Three months later, in the middle of October, a heavy fall of snow heralded Davey Emmett’s return to Earth.
I was just one of three people gathered at the Onward Station to greet him. The other two were care assistants who had worked with Davey over the years. They had never, they said, met a returnee; I refrained from telling them that I had died and been resurrected by the Kéthani.
I recalled my own transformation, both mentally and physically, and wondered how the Kéthani might have remade Davey Emmett.
Five minutes later we found out. We were in a small reception lounge furnished with a few chairs and a table bearing wine and fruit juice. Normally, more people would attend a returning ceremony, and a larger lounge would be required: but Davey had made few friends during his thirty years on Earth.
The sliding door at the back of the room opened, and Davey stepped through. The woman beside me gasped, and I understood her reaction. Even I, who had been expecting a marked metamorphosis, was taken aback.
Gone was the overweight adult-child, the sallow-faced, balding misfit unable to establish eye contact or hold a conversation.
Davey Emmett seemed taller, slimmer. His face was lean, even handsome; he appeared to be in his mid-twenties. He wore a neat suit and strode purposefully into the room, smiling.

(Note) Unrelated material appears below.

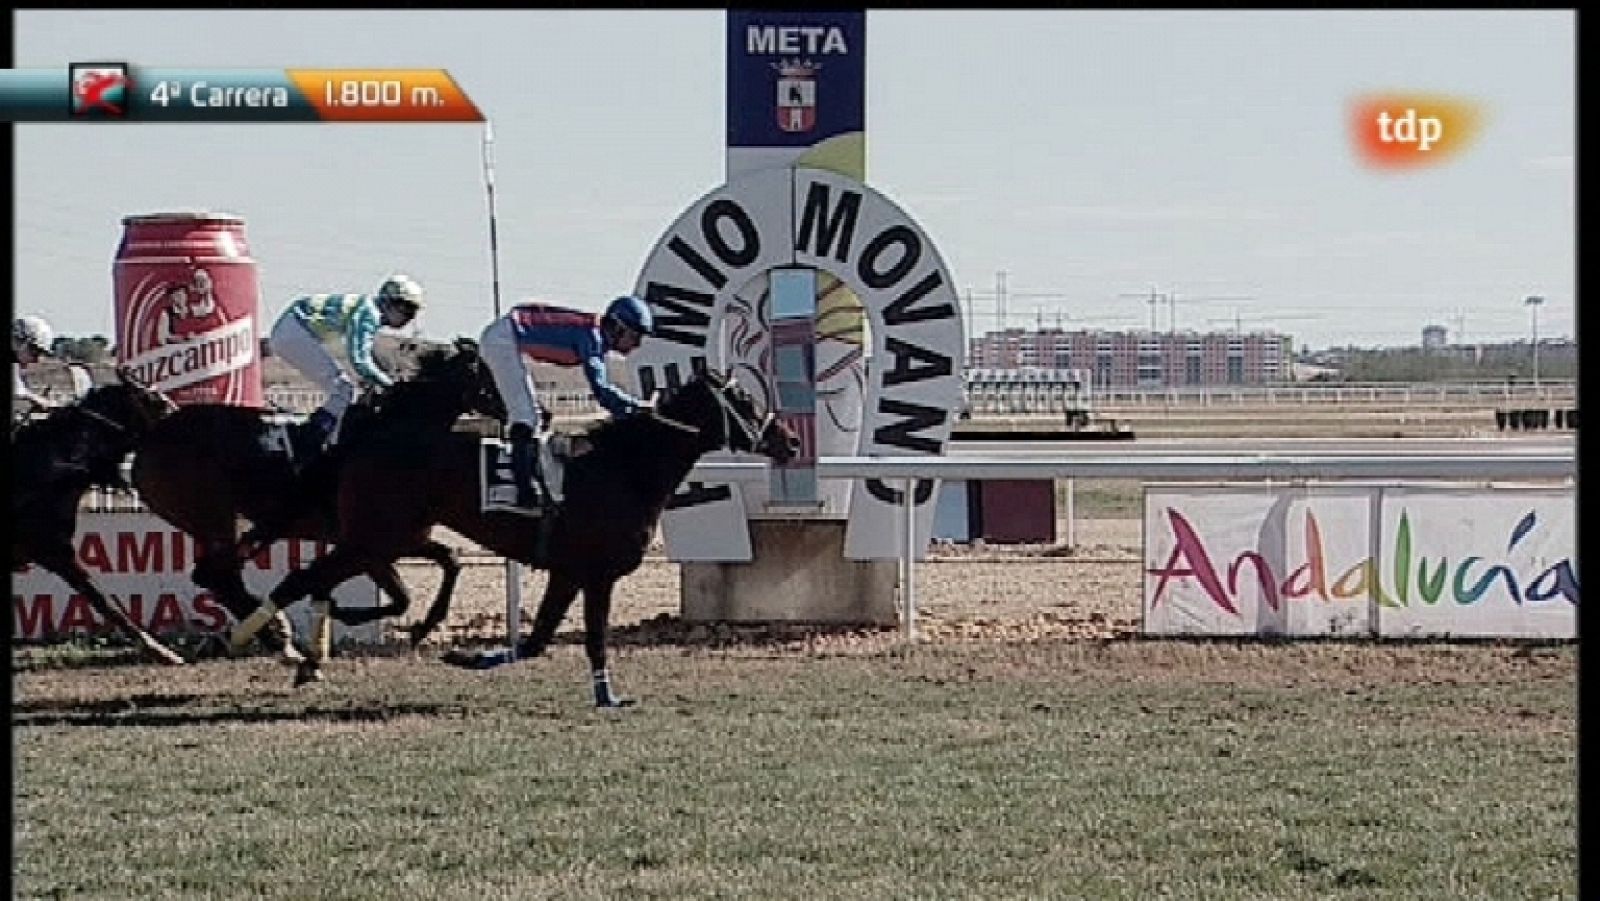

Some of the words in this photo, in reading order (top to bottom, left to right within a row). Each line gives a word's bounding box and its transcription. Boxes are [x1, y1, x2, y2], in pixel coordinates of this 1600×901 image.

He shook our hands, greeting us by name. “It’s good to see you, Khalid.”
We exchanged inane pleasantries for a while. I recalled my own resurrection ceremony, and the mutual inability of the returnee to express quite what he had been through, and the circumspection of the celebrants faced with the miracle of someone returned from the dead.
“Director Masters informed me of my mother’s passing,” Davey said. Masters was head of the Onward Station. “Khalid, if you could drive me home via the cemetery...?”
“Of course.”
The meeting broke up five minutes later and I drove Davey from the towering crystal obelisk of the Station, through the snow-covered landscape towards Oxenworth.
After a minute, I broke the silence. “I saw your mother during her illness, Davey. She wasn’t in pain, and didn’t fear death. She had her own strong faith.”
Davey nodded. “I know. I remember her telling me all about it.”
I glanced across at him. “How much do you recall from... from before?”
He considered for a second or two, frowning. “It’s strange, but I recall everything. Who I was, my thoughts and reactions. But it’s very much like an adult looking back on his childhood. We have only a refracted, blurred image of who that person was. It’s almost like looking back at the life of a stranger.”
He was silent for a while, staring out at the snow-softened landscape undulating to the distant moorland horizon.
“The Kéthani remade me completely, Khalid. They took what they had, the fundamental David Emmett, and rebuilt a fully functioning, intelligent human being from the unpromising raw material. The odd thing is, I feel that they maintained a continuity. I am David Emmett, but whole, now.”
“I think I know what you mean, Davey. I died ten years ago. The person who came back... well, he was much changed, too.”
We came to the cemetery and I turned into the long drive.
We climbed from the car, into the teeth of the subzero wind, and I led Davey across to where his mother was interred.
Her grey marble headstone projected from the fleecy snow, bearing her name, date of birth and death, and a line from a Buddhist text:
We each of us have a choice of eternities.
There were few deaths these days, and the cemetery was little used. The headstone next to Mrs. Emmett’s recorded that Claudine Hainault had been buried there twelve years previously.
I felt tears stinging my eyes.
Davey stood at the foot of his mother’s grave, head bowed, hands clasped behind his back. The cold wind stirred his full head of black hair.